Your task. An exact copy of every entry is needed, with the images left out.

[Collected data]
================================
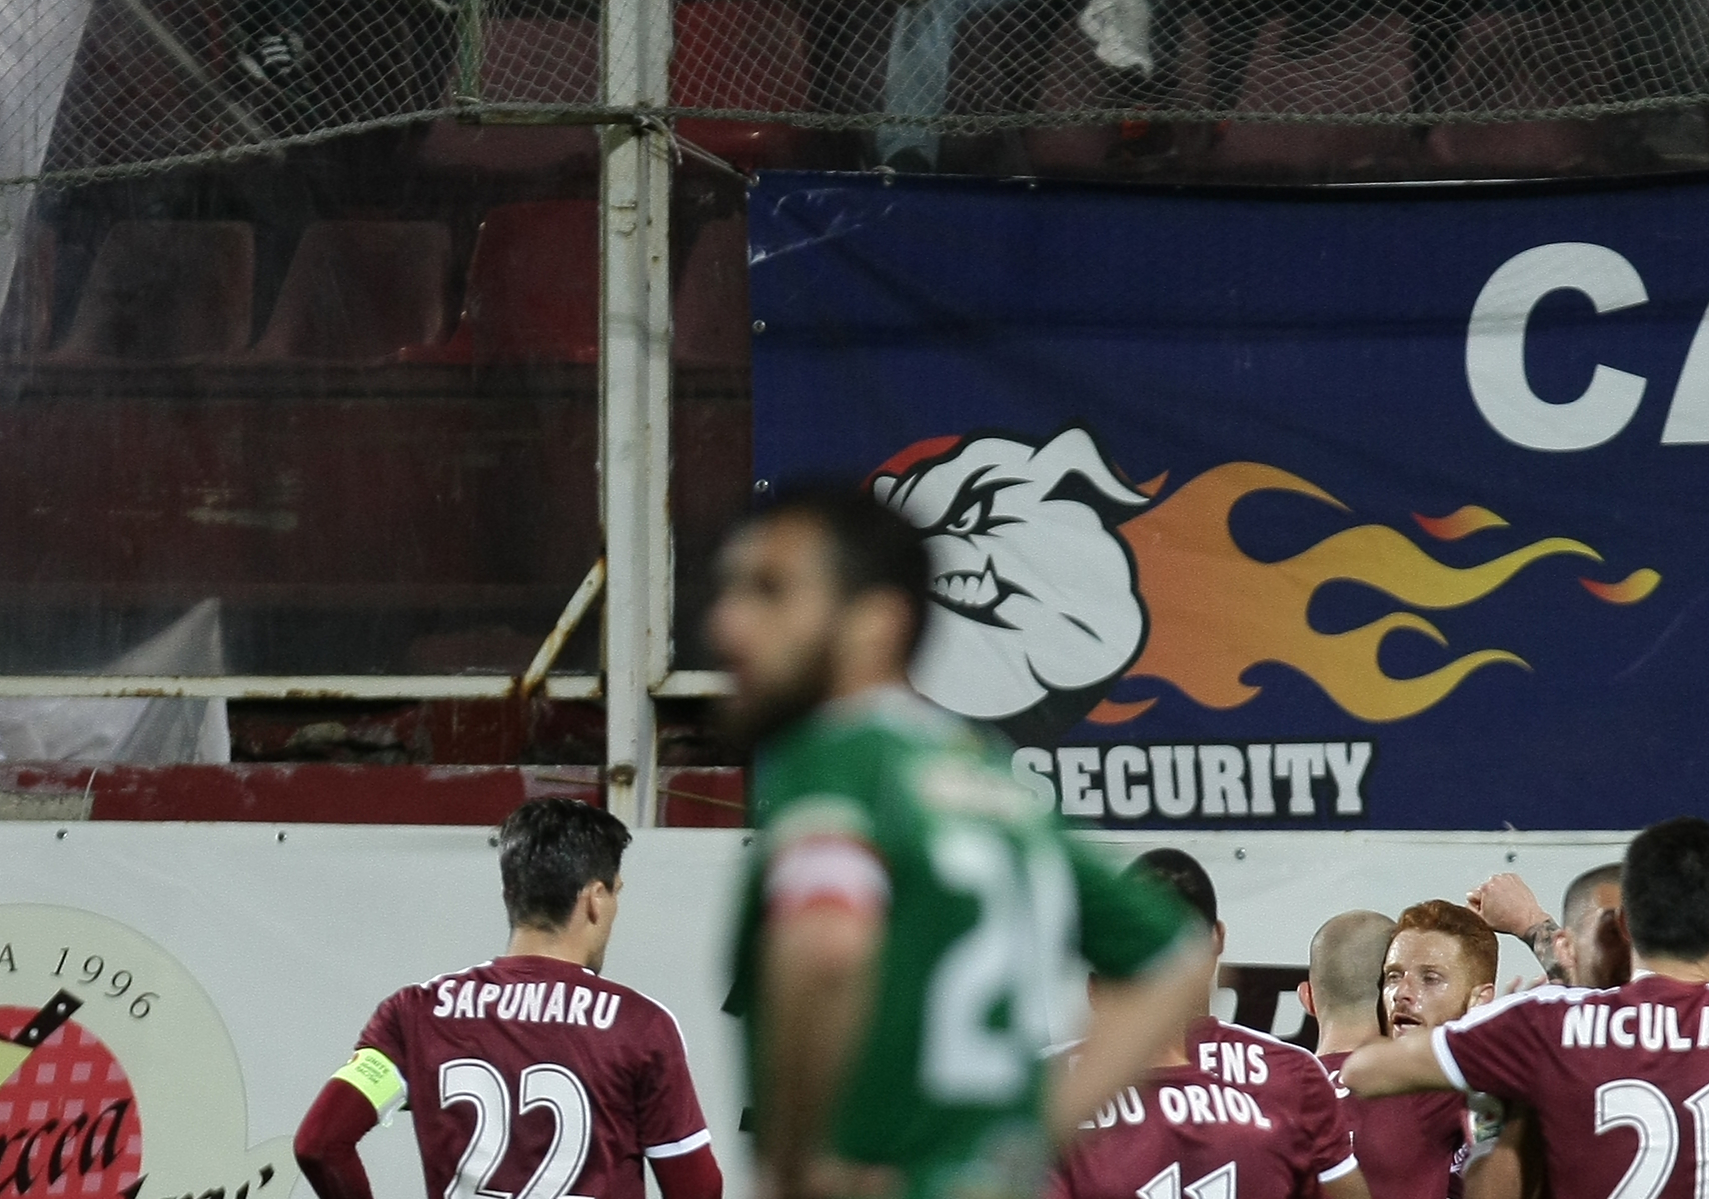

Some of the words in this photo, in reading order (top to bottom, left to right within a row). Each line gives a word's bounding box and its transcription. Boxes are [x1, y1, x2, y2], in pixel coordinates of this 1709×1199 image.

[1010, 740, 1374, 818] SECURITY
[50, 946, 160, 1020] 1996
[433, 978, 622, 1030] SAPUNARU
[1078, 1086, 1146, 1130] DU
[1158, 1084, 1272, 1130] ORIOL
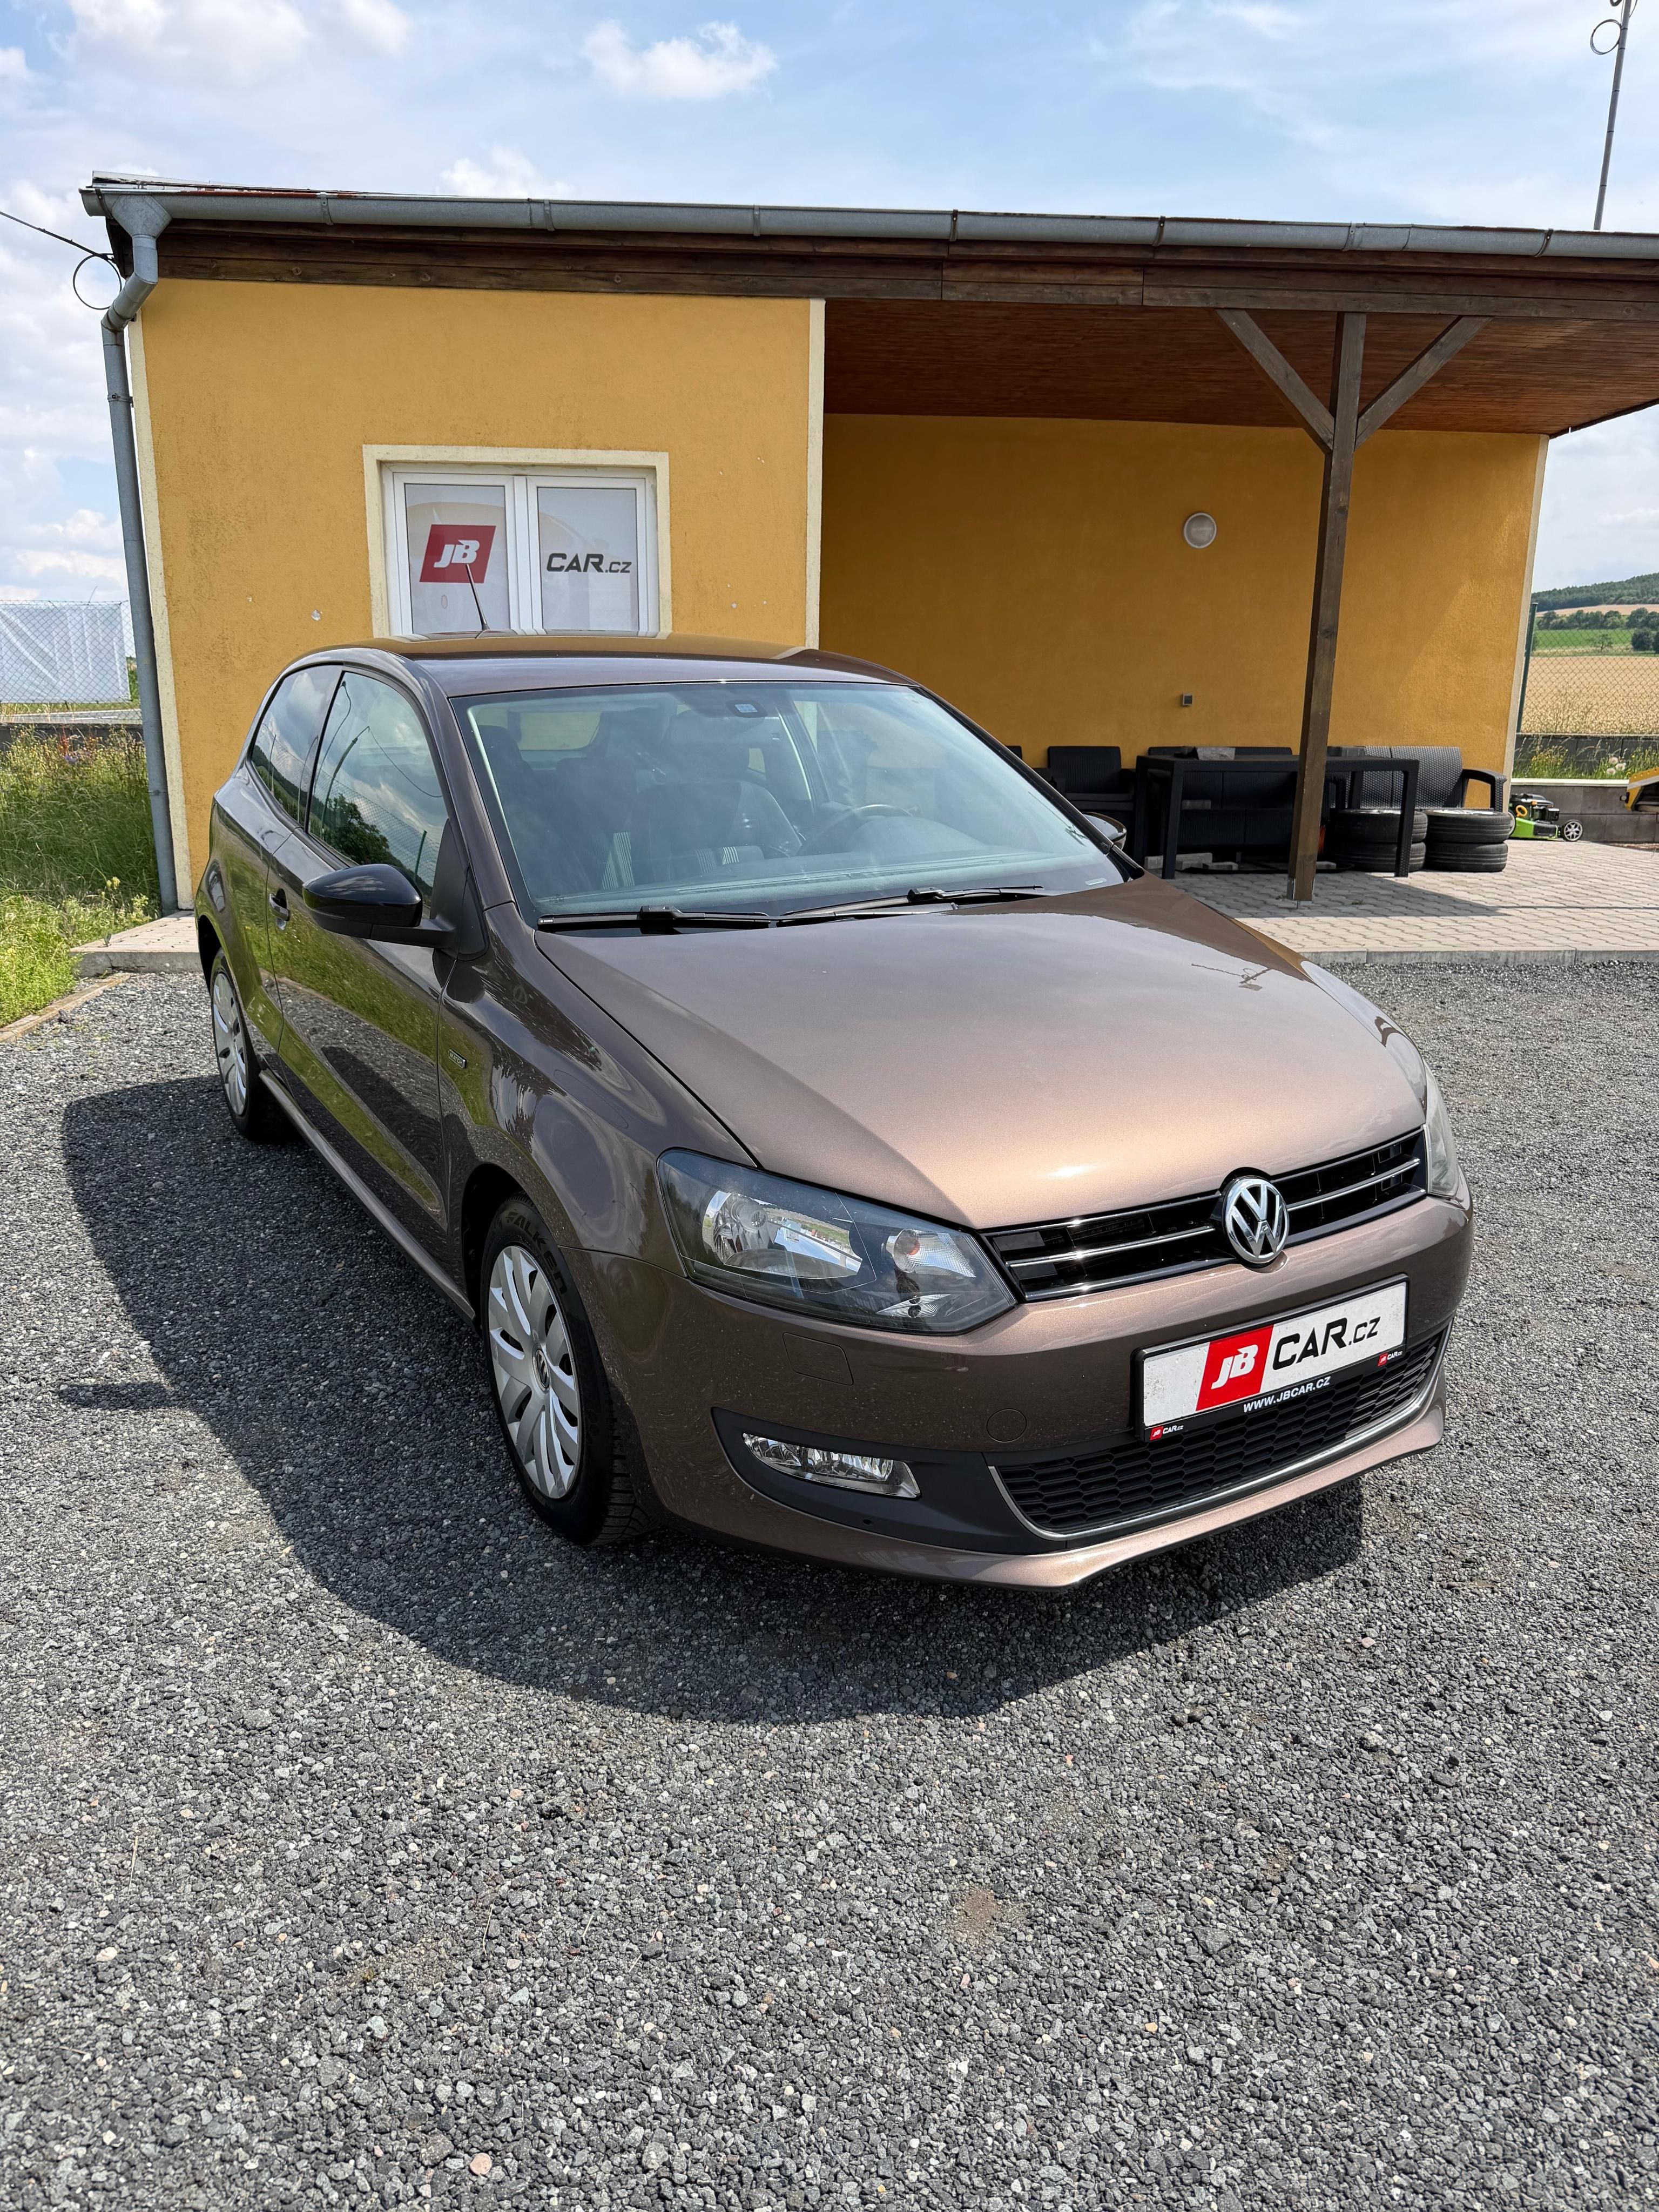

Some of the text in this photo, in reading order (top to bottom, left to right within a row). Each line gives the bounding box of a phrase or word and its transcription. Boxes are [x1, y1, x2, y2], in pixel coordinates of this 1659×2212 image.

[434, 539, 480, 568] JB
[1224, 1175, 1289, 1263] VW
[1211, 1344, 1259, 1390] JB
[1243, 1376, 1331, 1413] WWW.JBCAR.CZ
================================
Expected answer.
Some of the words in this photo, in reading order (top to bottom, left to right within a row). Each line gives a word's bounding box and its transcription. Boxes are [x1, y1, x2, y2], in pixel coordinates of this 1709×1199 image.

[1010, 740, 1374, 818] SECURITY
[50, 946, 160, 1020] 1996
[433, 978, 622, 1030] SAPUNARU
[1078, 1086, 1146, 1130] DU
[1158, 1084, 1272, 1130] ORIOL

Some of the text in this photo, in reading order (top to bottom, left to right within a row). Each line gives the bounding box of a phrase or word and its transcription. Boxes are [x1, y1, x2, y2], in pixel coordinates of this 1659×2212 image.

[434, 539, 480, 568] JB
[1224, 1175, 1289, 1263] VW
[1211, 1344, 1259, 1390] JB
[1243, 1376, 1331, 1413] WWW.JBCAR.CZ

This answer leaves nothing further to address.